# 2014 GMC All Terrain



## Just One More (Jan 30, 2008)

Looked at Tundra, Ford, and GM. Decided on GMC.


----------



## oOslikOo (Jul 13, 2010)

Nice ride!


----------



## Just One More (Jan 30, 2008)

Thanks


----------



## mustangeric (May 22, 2010)

looks great nice ride


----------



## Part Timer (Jul 2, 2012)

nice truck. what is the "all terrain" is that a package? i just noticed no 4X4 or z71 stickers


----------



## Ditto (Apr 18, 2005)

Keep us updated how you like the truck even if it's by private message. I'm looking to buy a new truck sometime in November and the GMC is at the top of my list. Not necessarily the all terrain but definately the 4x4.


----------



## SSST (Jun 9, 2011)

Very nice, don't see my '13 making it 2 yrs before trading.


----------



## Kenner21 (Aug 25, 2005)

Which Motor?


----------



## SSST (Jun 9, 2011)

I think there's only one option right now, 6.2 is yet to come.


----------



## DSL_PWR (Jul 22, 2009)

Why not Ford? Just curious. 

I know that gov motors is handing out massive rebates but are marking up the prices of their vehicles at the same time.


----------



## oOslikOo (Jul 13, 2010)

DSL_PWR said:


> Why not Ford? Just curious.
> 
> I know that gov motors is handing out massive rebates but are marking up the prices of their vehicles at the same time.

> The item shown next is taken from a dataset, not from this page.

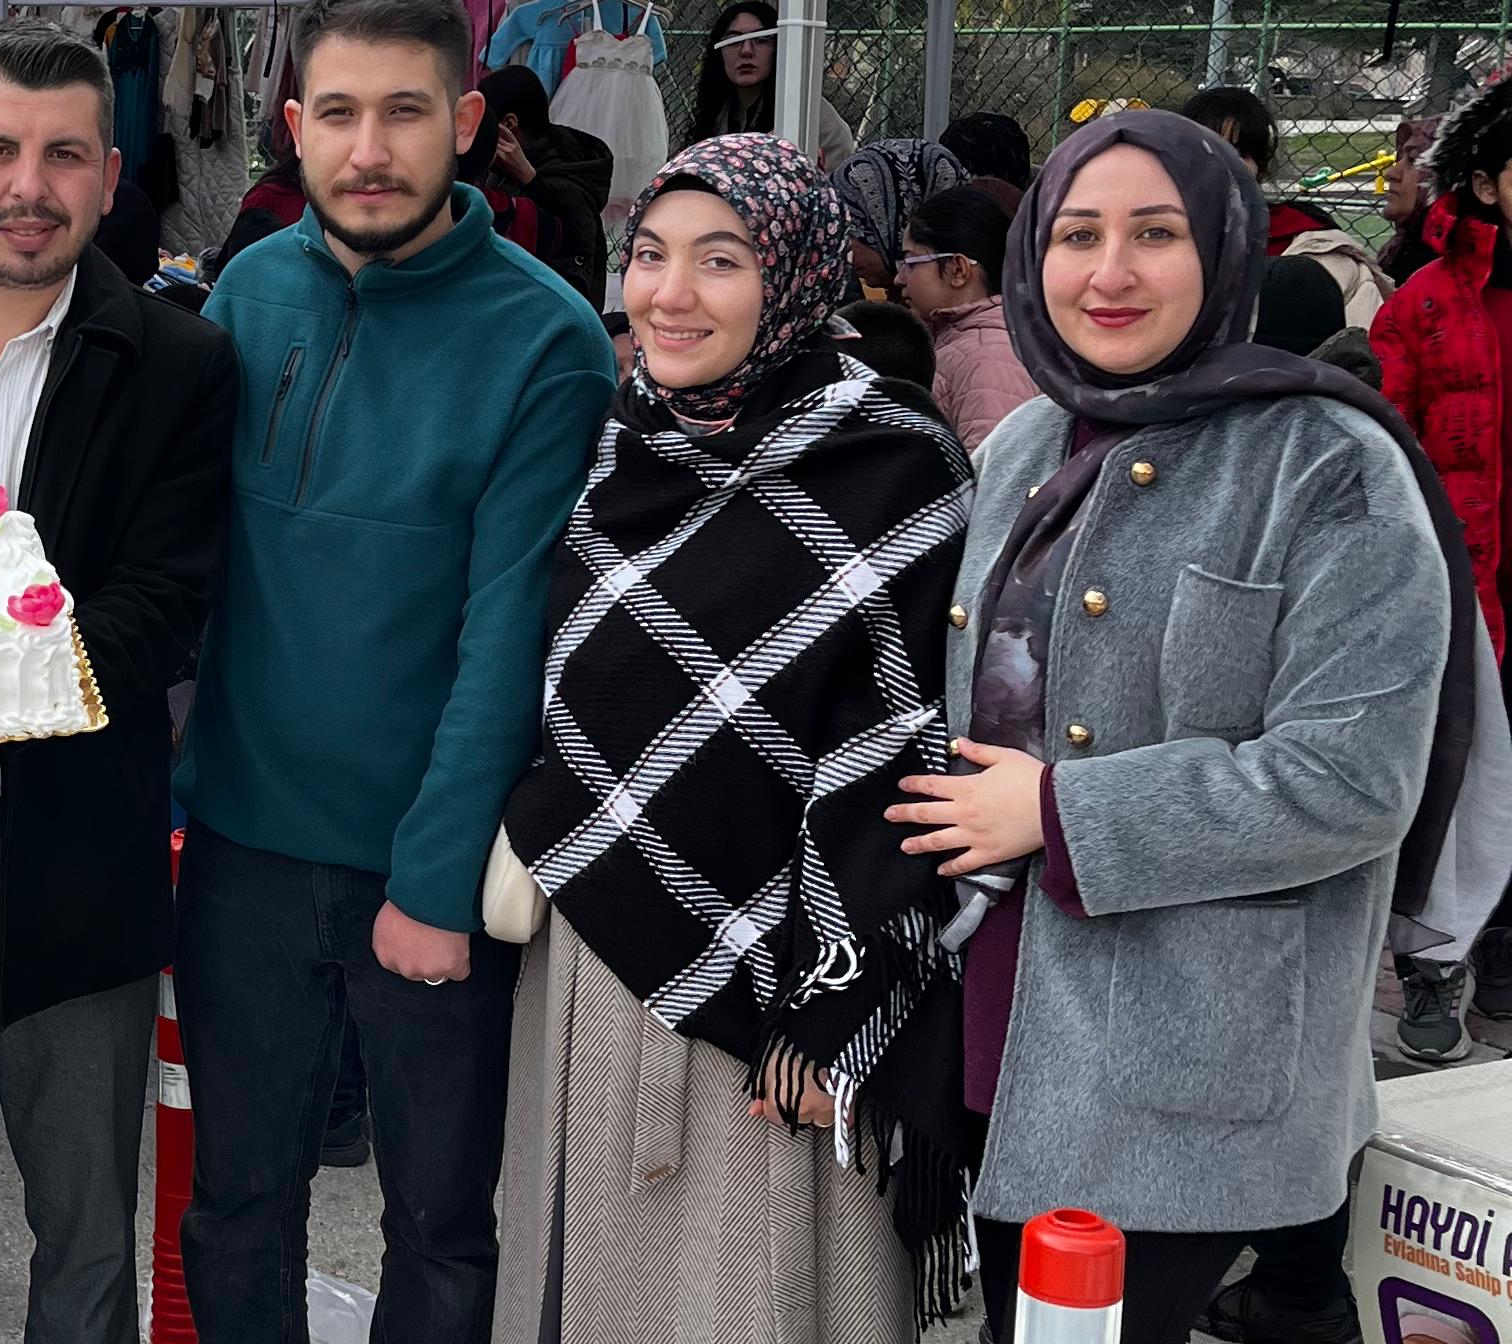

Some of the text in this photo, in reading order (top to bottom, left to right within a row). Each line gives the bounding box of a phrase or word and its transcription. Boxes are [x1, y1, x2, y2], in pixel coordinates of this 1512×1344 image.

Why does it matter? The guy bought what he wanted. Maybe he's like me and never seen a ford that was worth a flip


----------



## Just One More (Jan 30, 2008)

Why not Ford? Just curious. 

I liked the GMC better. When I test drove the Platinum the dash above the steering wheel felt very cheaply done IMHO. I owned a 2000 Ford F150 lariat 4x4 bought new and the leather steering wheel peeled within the first year. Traded it for 2002 Chevrolet. Just my experience that the interior is inferior.

Yes, the All Terrain has the Z71 option on it...skid plates and rancho shocks. 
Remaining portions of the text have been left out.